Bimbo morto all’asilo: la Procura di Arezzo ha notificato 5 avvisi di garanzia per omicidio colposo alle educatrici
La Procura di Arezzo ha notificato cinque avvisi di garanzia per la morte del bambino di due anni nell’asilo nido di Soci. Tra gli avvisi ci sarebbe anche quello a carico della maestra che si era sentita male e che era stata la prima a soccorrere il piccolo Leonardo, morto strozzato dal laccetto della felpa rimasto impigliato in una pianta mentre stava giocando. Gli indagati, di omicidio colposo, ora, possono nominare propri consulenti per essere presenti all’esame medico legale. Al momento dell’incidente il personale in servizio era composto da 14 addetti. L’autopsia, disposta dal pm Angela Masiello, sarà effettuata a inizio della prossima settimana. Le indagini sono condotte dai carabinieri di Bibbiena. Una commissione interna per fare verifiche autonome che affiancheranno, senza sovrapporsi, il lavoro degli inquirenti è stata istituita dalla cooperativa Koine che gestisce l’asilo ‘Ambarabà Cicci Cocco’ di Soci (Arezzo) dove due giorni fa è morto il bimbo di 2 anni rimasto strozzato dal laccio della felpa, in circostanze da chiarire da parte della procura di Arezzo e dei carabinieri che portano avanti le indagini.
Koinè sottolinea in una nota che l’attività della propria commissione sarà “completamente a disposizione dell’autorità giudiziaria”. La cooperativa ribadisce di aver già fornito agli investigatori tutte le informazioni chieste e conferma la “piena fiducia nel lavoro della magistratura”. Koinè conferma, inoltre, la composizione del personale: 16 operatrici complessive, di cui 11 educatrici e cinque assistenti. Al momento della tragedia erano in servizio otto educatrici, quattro assistenti, la cuoca e l’aiuto cuoca, per un totale di 14 addetti. Il rapporto numerico con i 60 bambini del nido, precisa Koinè, è “coerente con la normativa vigente” e tutte le operatrici sono formate e aggiornate professionalmente.

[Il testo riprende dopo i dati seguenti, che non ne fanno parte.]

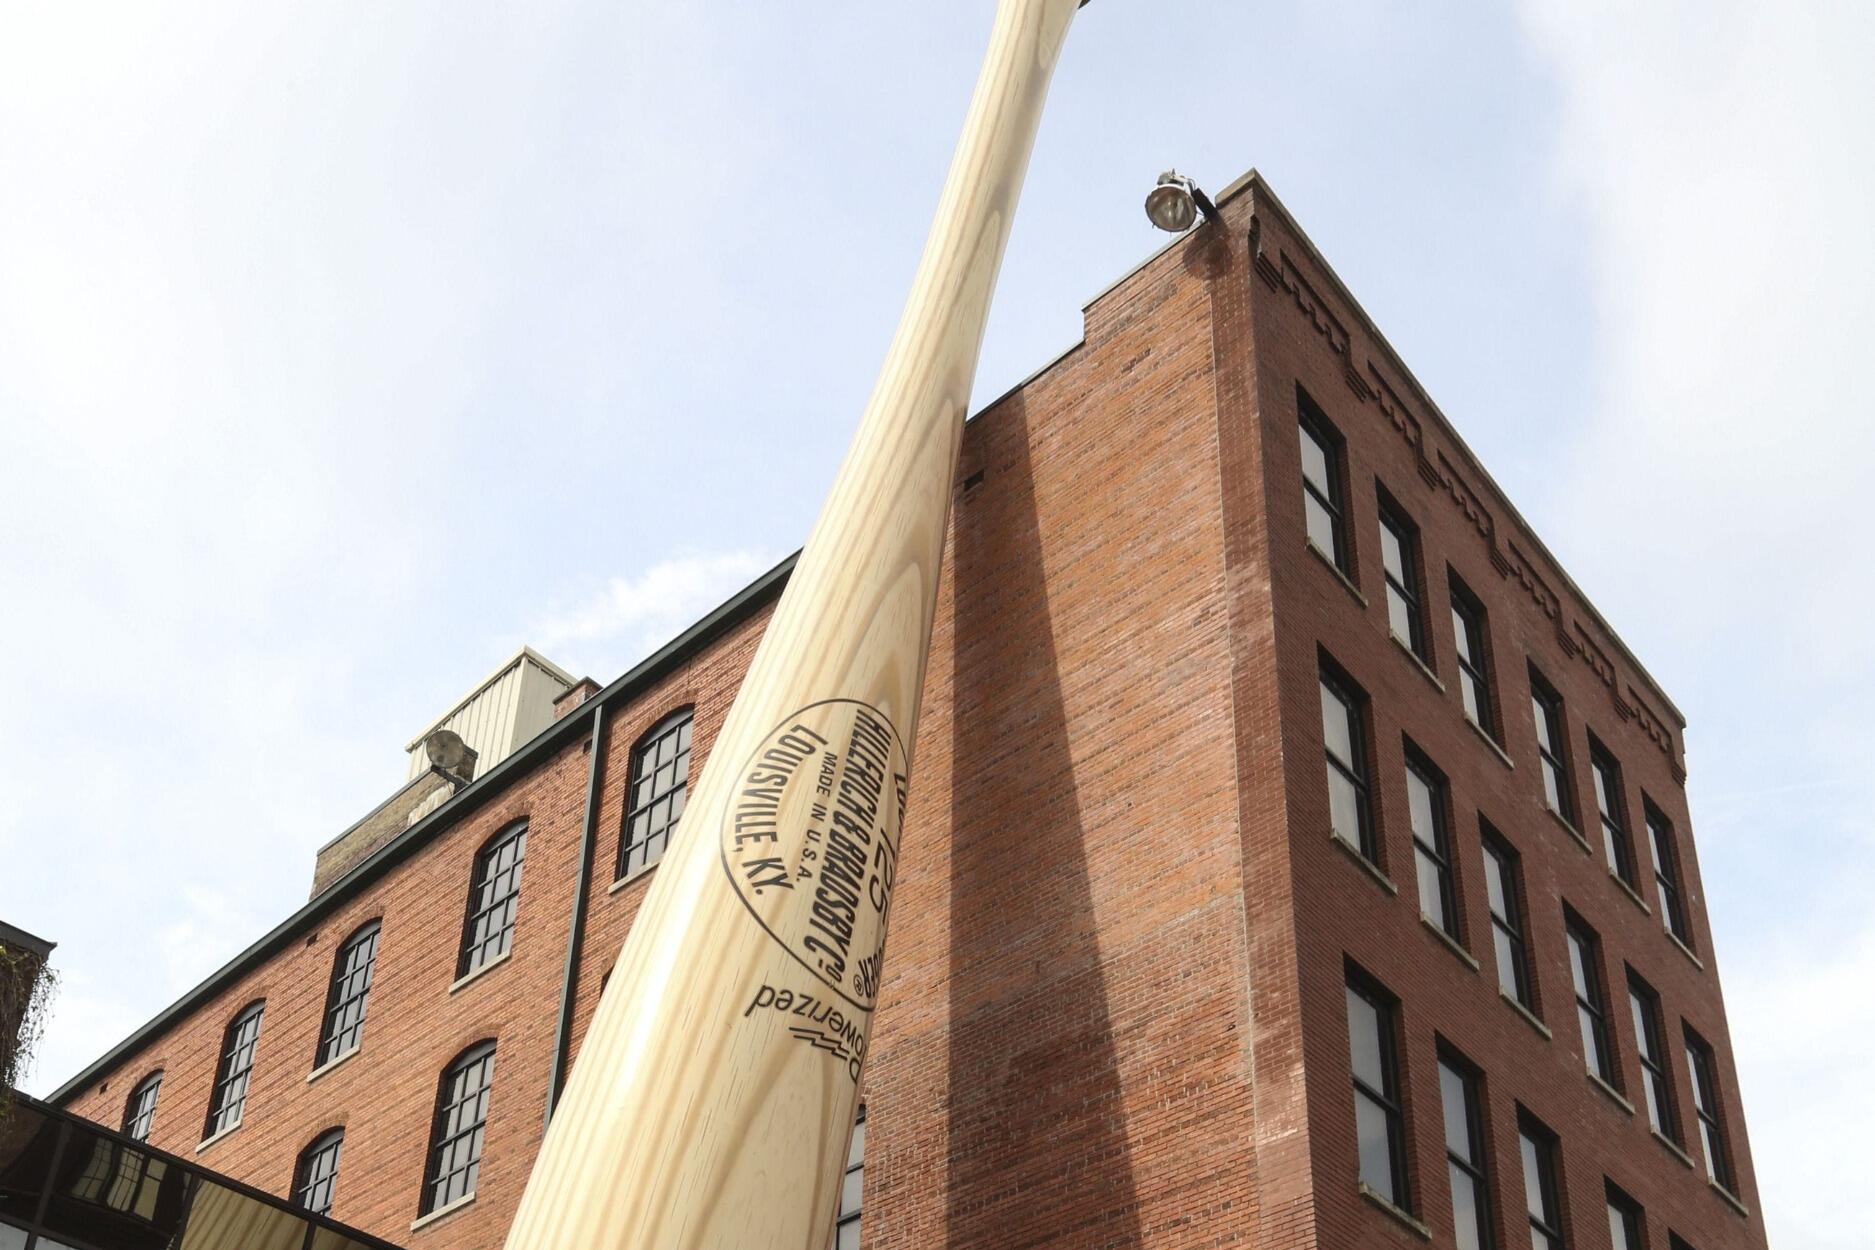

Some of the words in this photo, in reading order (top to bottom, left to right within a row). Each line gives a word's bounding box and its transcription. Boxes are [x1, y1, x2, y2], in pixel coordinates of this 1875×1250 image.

Inoltre gli spazi interni ed esterni risultano “a norma secondo le certificazioni previste”. Riguardo alla piccola pianta dove – secondo ricostruzioni – si sarebbe impigliato l’indumento, spiega la cooperativa, “non è un arredo del giardino, ma parte di un progetto didattico” ed è oggetto di manutenzione costante. La commissione interna proseguirà nei prossimi giorni gli incontri con il personale. “L’obiettivo – afferma Koinè – è contribuire, con la massima trasparenza, alla ricerca della verità”. Intanto proseguono le indagini della procura aretina.